Up is the first mobile-only digital bank in Australia. One of the key points of difference Up claims is how easy it is to apply for.

According to Mr Pym, people can download the app and be set up with a regulated bank account plus Apple and Google Pay access within three minutes.

Up is also currently offering a $10 signup bonus to new customers referred by current customers, who can also receive a $10 reward for each successful referral.

Up has two simple banking products at the time of writing: a transaction account (called Up Everyday Account) and a savings account with a total interest rate of 2.75% p.a. (the Up Saver Account).

With these accounts, users can instantly create any further ‘sub-accounts’, which can be helpful when categorising spending and saving.

Up also has a feature called ‘The Naked Truth’, allowing users to see when, where and how they spend their money, showing time of day, clear merchant IDs and automated weekly spend tracking and analysis – a similar tool to budgeting and expenses tracking app Pocketbook.

Other key-in app features include;

  • Recurring monthly charges: customers can see a complete list of their recurring direct debits and credits, such as Spotify and Netflix.
  • ‘Kill Bills’: a feature that predicts upcoming charges automatically and generates reports to help with budgeting
  • ‘Life Savers‘: the savings account comes with the same 2.75% interest rate on all sub-accounts and allows for transaction roundups, which has proven popular with banks like ING
  • Digital integration: comes with features like push notifications, instant card-locking, instant PIN changes, instant reporting of a missing card, access to customer support and more

Up also is the first cloud-hosted digital bank in Australia, according to Mr Pym, and updates its software at least five times a day without interruption.

Source: Up

Up ‘not interested in rate chasers’

Savings.com.au asked Dominic Pym about what set Up apart from savings accounts with higher rates.

“There are different types of customers, interested in different things. Up is not particularly interested in people who are constantly looking for the best rate, those customers are not sustainable,” he told Savings.com.au.

“They will only stick around until the next best rate is offered by another bank. This is not the way to win, this is a race to the bottom.”

Mr Pym said by offering better savings features and services, the interest rate, although still relatively high compared to market leaders, becomes less important.

“The maximum interest income you could earn from other banks versus Up is nominal,” he said.

“Up offers savings features not available with those other banks, such as automated transaction round-ups and our new “pull-to-save” your spare change feature.

“There’s a whole bunch of customers in our experience that value other things besides the best rate, or in addition to competitive rates such as usability, travel benefits, ease of use, innovation, customer experience, constant improvement, superior technology, instant services and more.”

The Barefoot strategy made easier with Up?

Ever since being published in 2017, Scott Pape’s book ‘The Barefoot Investor’ has taken off in Australia, with more than one million copies told.

In his book, Pape popularised the ‘bucket’ strategy of saving: setting up different sub-accounts in your bank account for different purposes, labelled:

  • Blow (for expenses and splurge money)
  • Grow (for long-term wealth)
  • Mojo (for safety money)
  • Fire-extinguisher (for emergencies)
The holy-bible for Australian money savers
Source: Twitter

This is a solid money-management strategy, but it does have one fairly major flaw: many major Australians banks don’t offer their full interest rate on secondary savings accounts.

As an example, a bank might have a 2.80% p.a. interest rate on its savings account.

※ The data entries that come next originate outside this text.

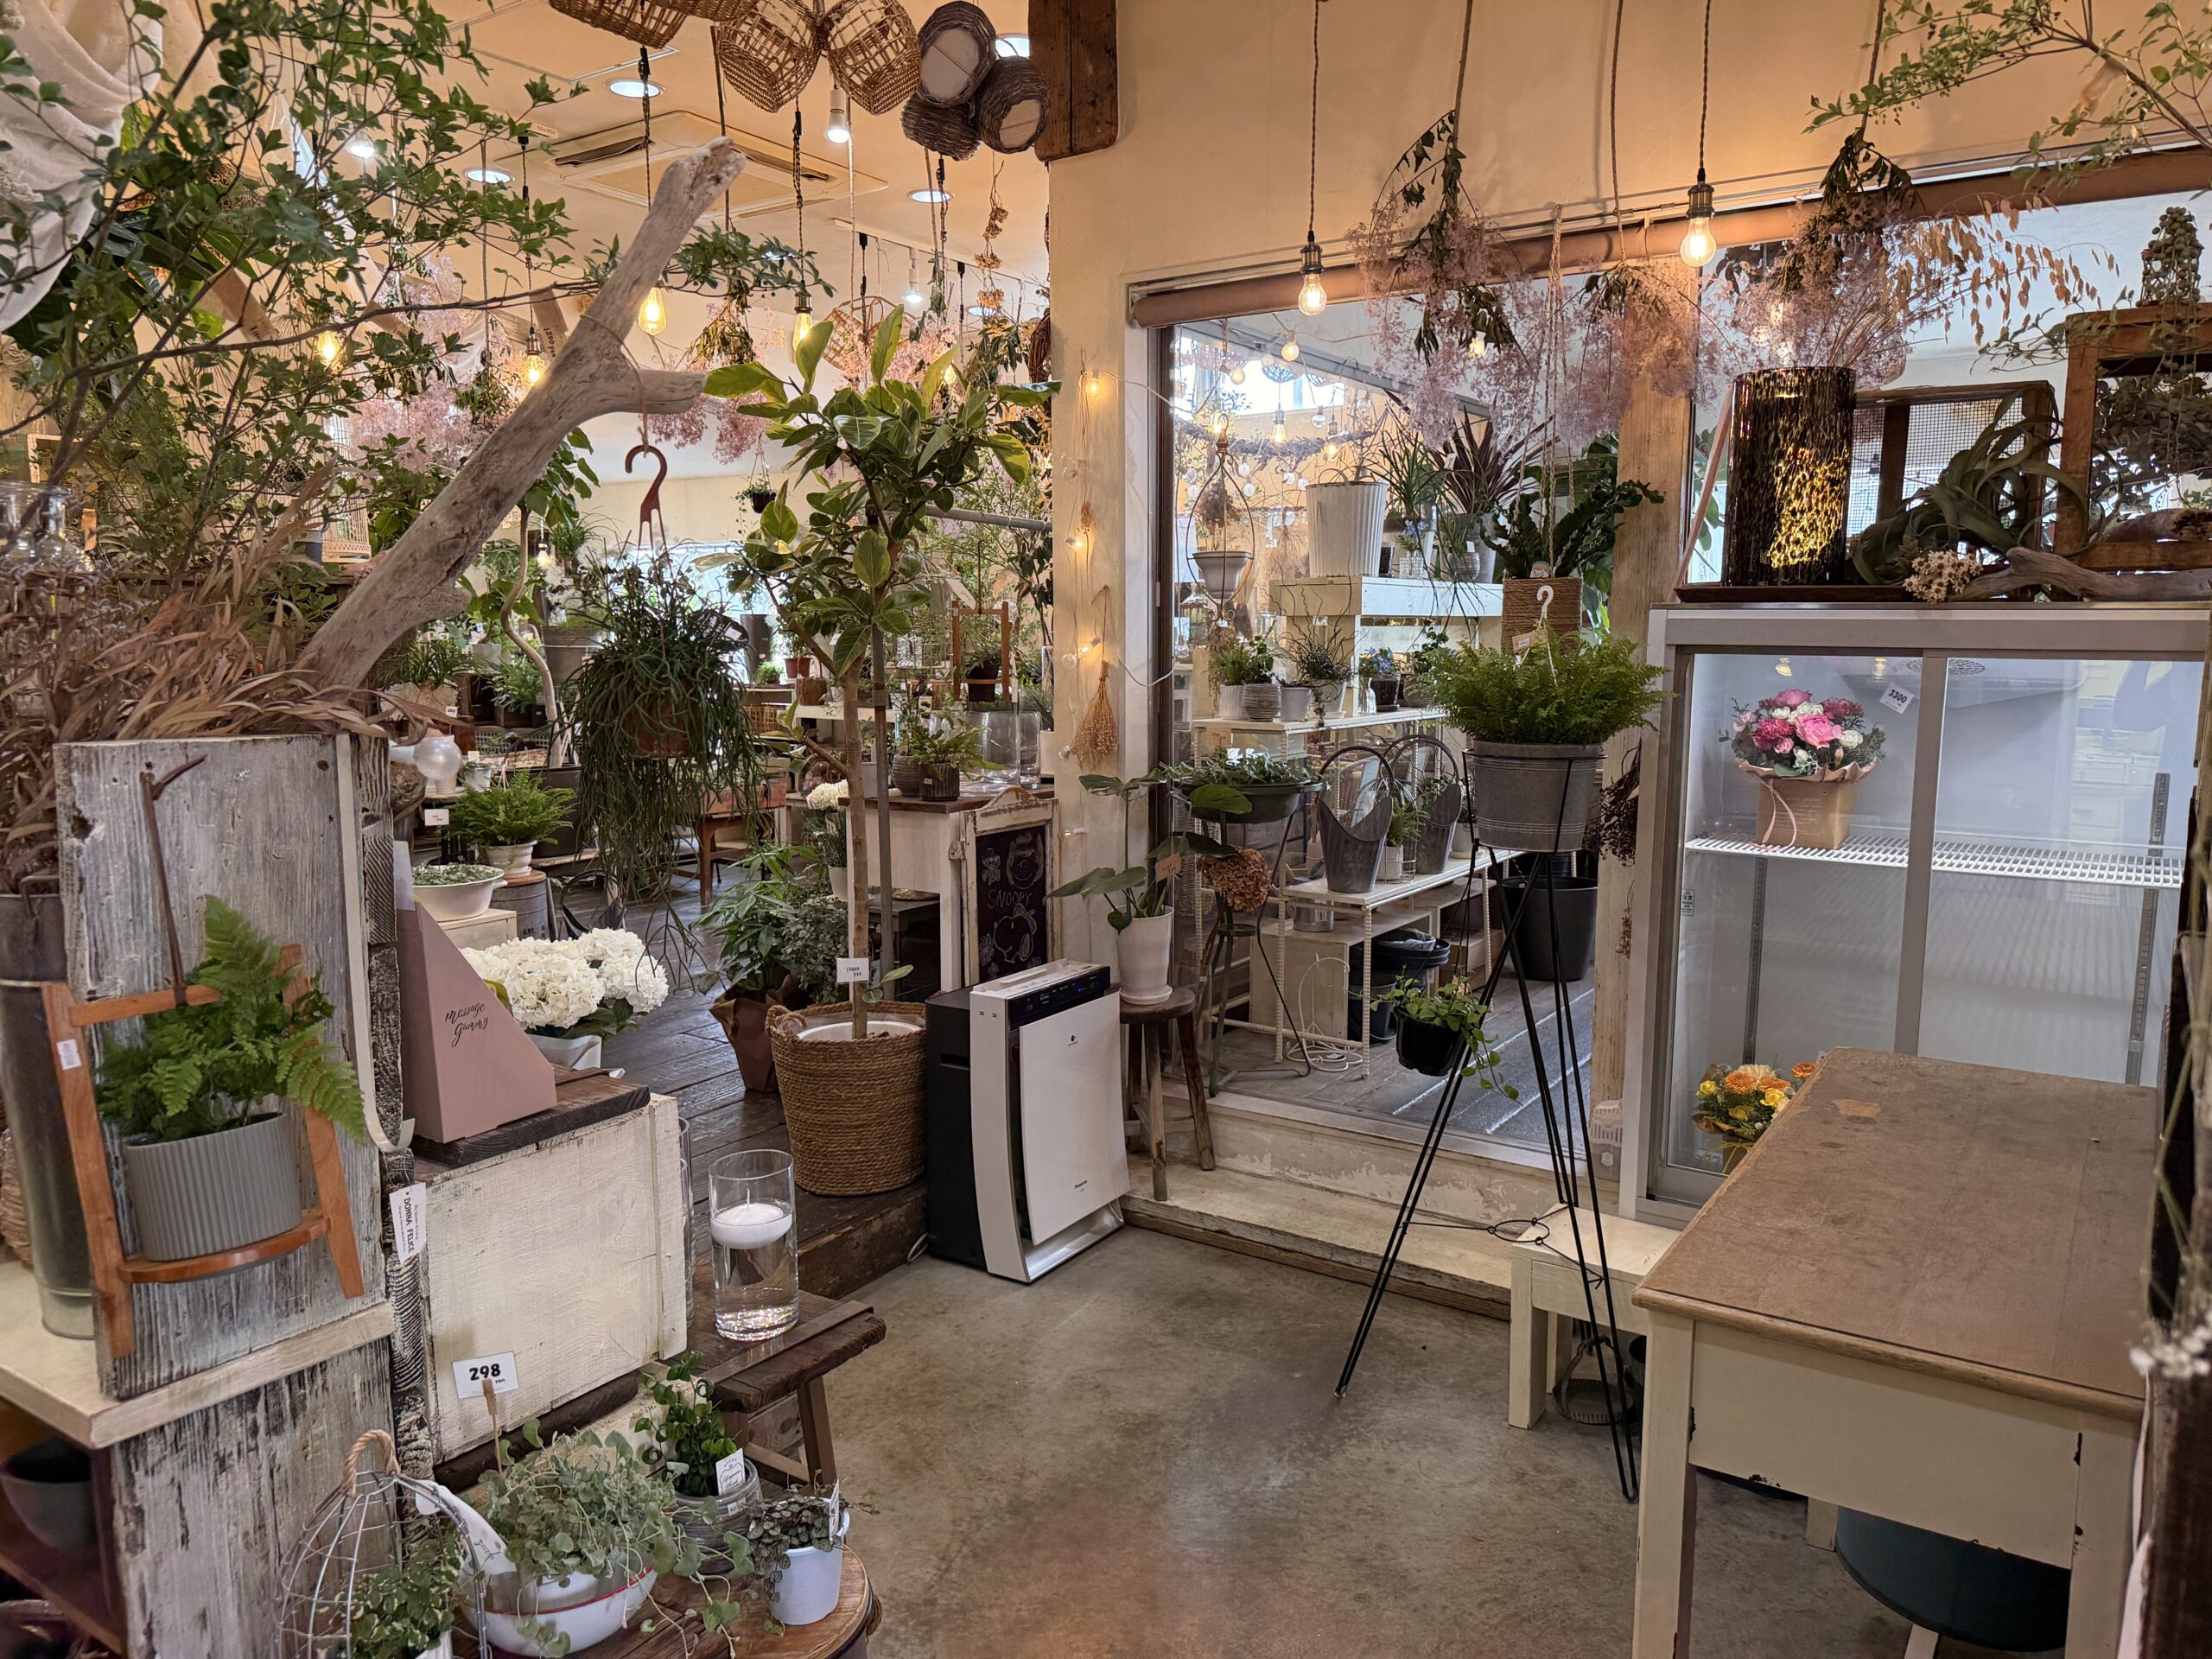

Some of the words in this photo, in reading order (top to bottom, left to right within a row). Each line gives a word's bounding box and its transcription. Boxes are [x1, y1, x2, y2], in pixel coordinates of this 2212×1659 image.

[1889, 689, 1908, 703] 3300
[988, 889, 1032, 909] SNOOPY
[404, 1197, 413, 1226] DONNA
[406, 1228, 415, 1254] FELICE
[469, 1363, 501, 1381] 298

Any money put into this account will earn this rate of interest (if the bonus conditions are met).

But if sub-accounts were created (say a savings account specifically for holiday funds), these accounts would not earn the full rate of interest.

With Up, the full interest rate is payable on all savings accounts up to a $50,000 limit, and Mr Pym told Savings.com.au this provides a differentiator against some other banks that limit bonus interest to one account only.

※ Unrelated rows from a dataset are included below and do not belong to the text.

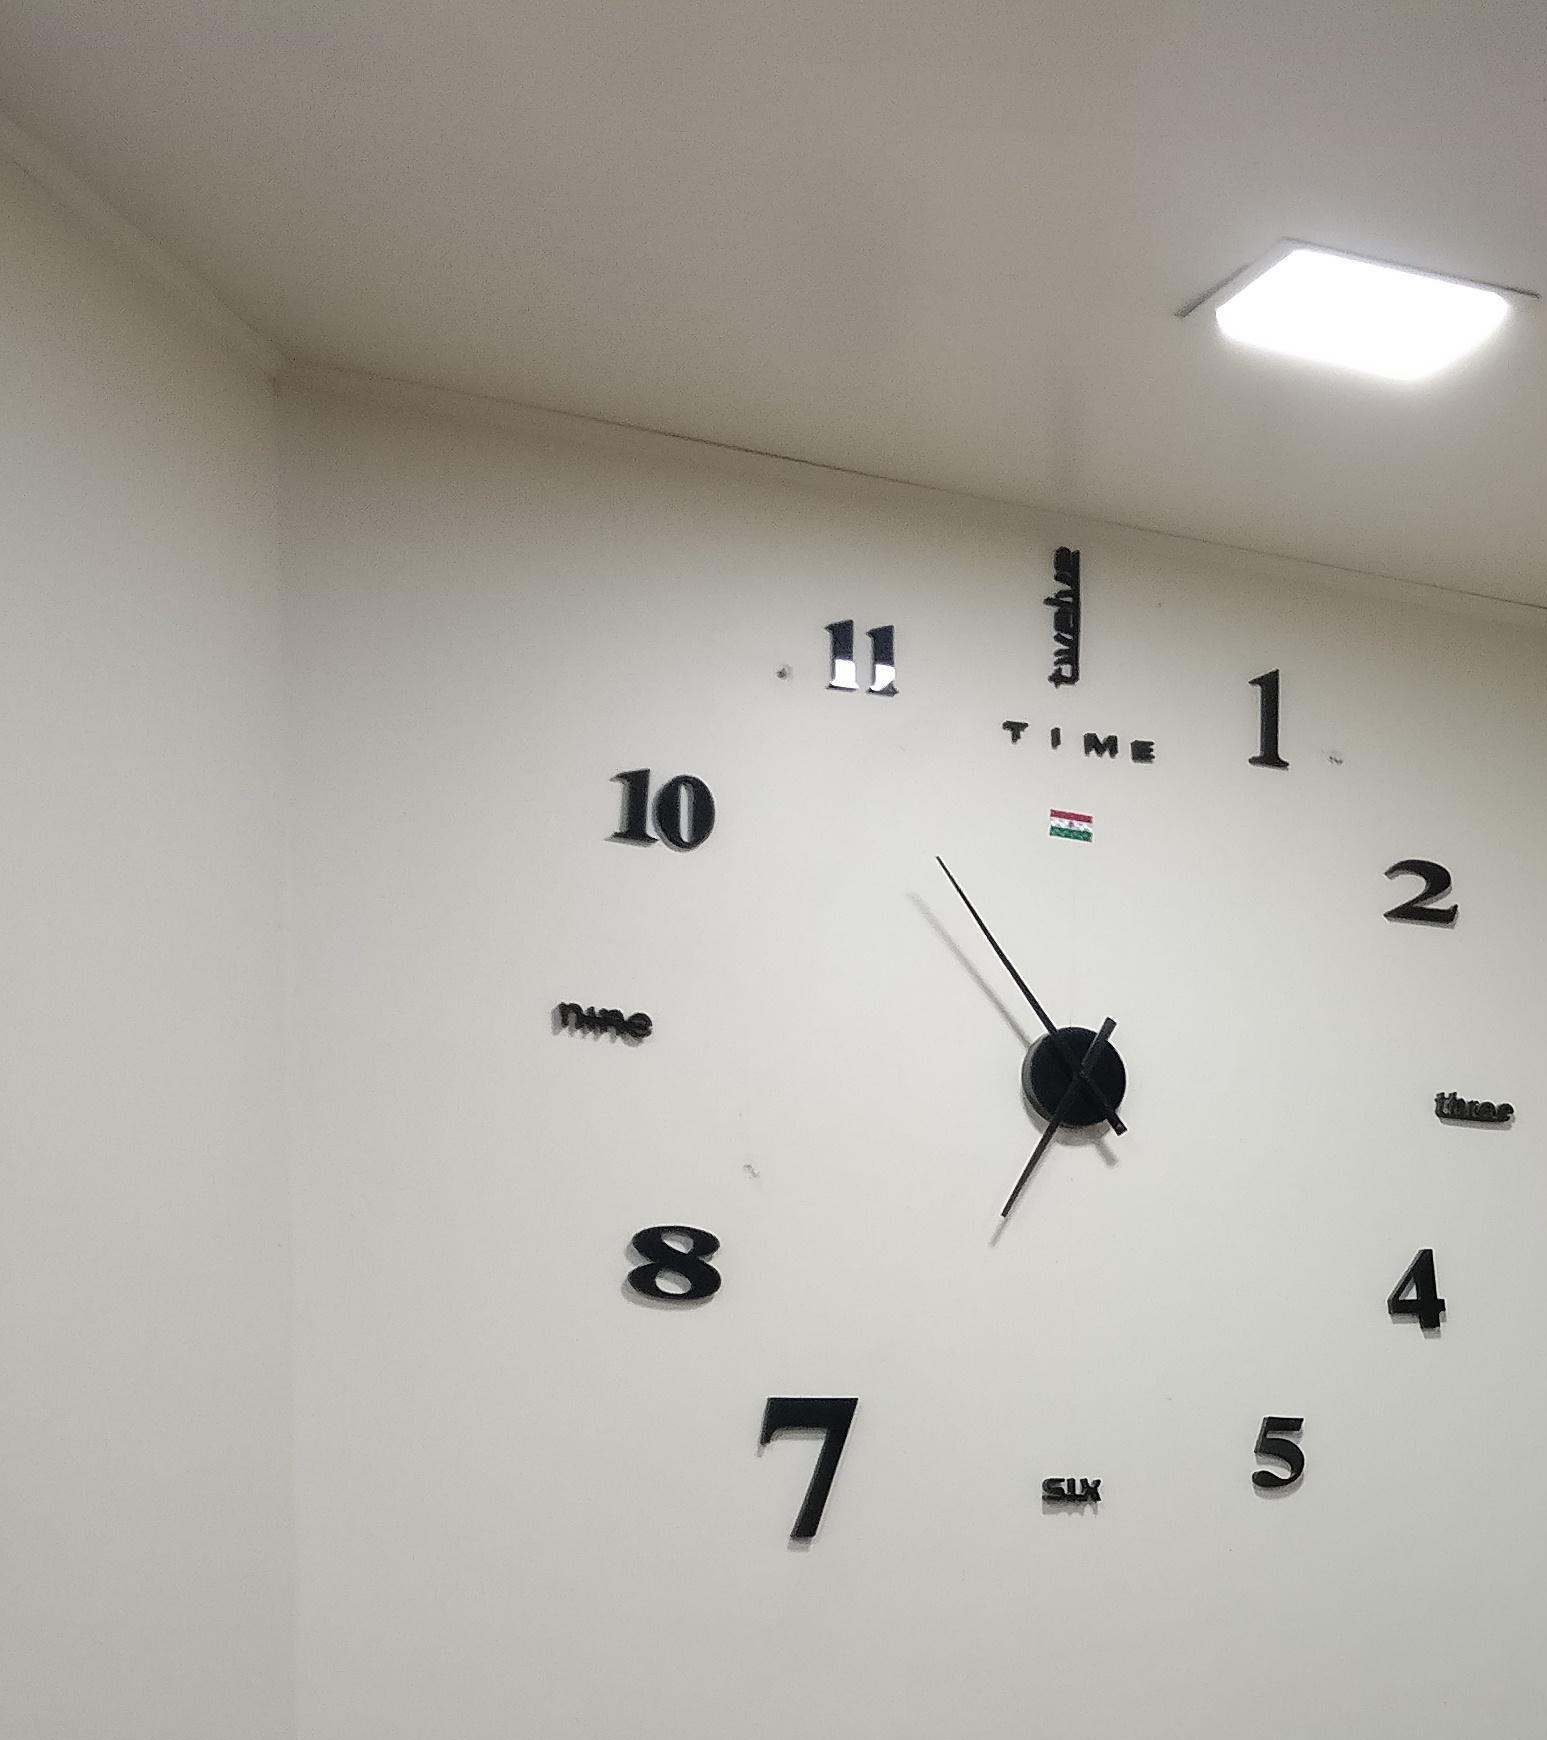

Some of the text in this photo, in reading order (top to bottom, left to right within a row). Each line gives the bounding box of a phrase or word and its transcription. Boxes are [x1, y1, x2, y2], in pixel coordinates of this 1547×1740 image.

[824, 620, 899, 697] 11
[1002, 720, 1156, 764] TIME
[1248, 669, 1290, 769] 1
[608, 768, 716, 851] 10
[1383, 859, 1459, 927] 2
[1434, 1091, 1515, 1123] three
[626, 1225, 722, 1302] 8
[1386, 1248, 1447, 1333] 4
[759, 1397, 859, 1544] 7
[1251, 1416, 1305, 1491] 5

“With Up, customers can spend and save using the Barefoot Investor method (or one of the other popular money management methods) and know that they can earn bonus interest on all their accounts,” he said.

“Up advocates that the total value of your savings should be eligible for bonus interest, and this should not be limited to just one account.

“It can help people mentally to connect with their money better when they can see their savings accumulating in different accounts for different things – if that makes it easier for people to manage their own money, then it doesn’t make sense for their bank to limit incentives to a single savings account.”

Up: the key banking details

Up savings account

Product name Up Saver Account
Total interest rate rate (base rate + bonus rate) 2.75%
Bonus rate 2.00%
Bonus rate conditions 5 or more successful card purchases per month from your Everyday Account. No monthly deposits required. Up to a combined balance of $50,000
Card type Mastercard
Supported devices iOS and Android
Payment options Apple Pay, Google Pay, Fitbit Pay, Garmin Pay
Monthly service fee $0
Withdrawals Free & unlimited

Up transaction account

Product name Up Everyday Account
Card type Mastercard
Supported devices iOS and Android
Payment options Apple Pay, Google Pay, Fitbit Pay, Garmin Pay
Monthly service fee$0
Direct debits Free & unlimited
Online payments Free & unlimited
Deposits to savers Free & unlimited
Domestic ATM withdrawals Free (at most major bank ATMs)
International ATM withdrawal $5.00, $1.50 for enquiries
Overdrawn interest rate 12.28% p.a.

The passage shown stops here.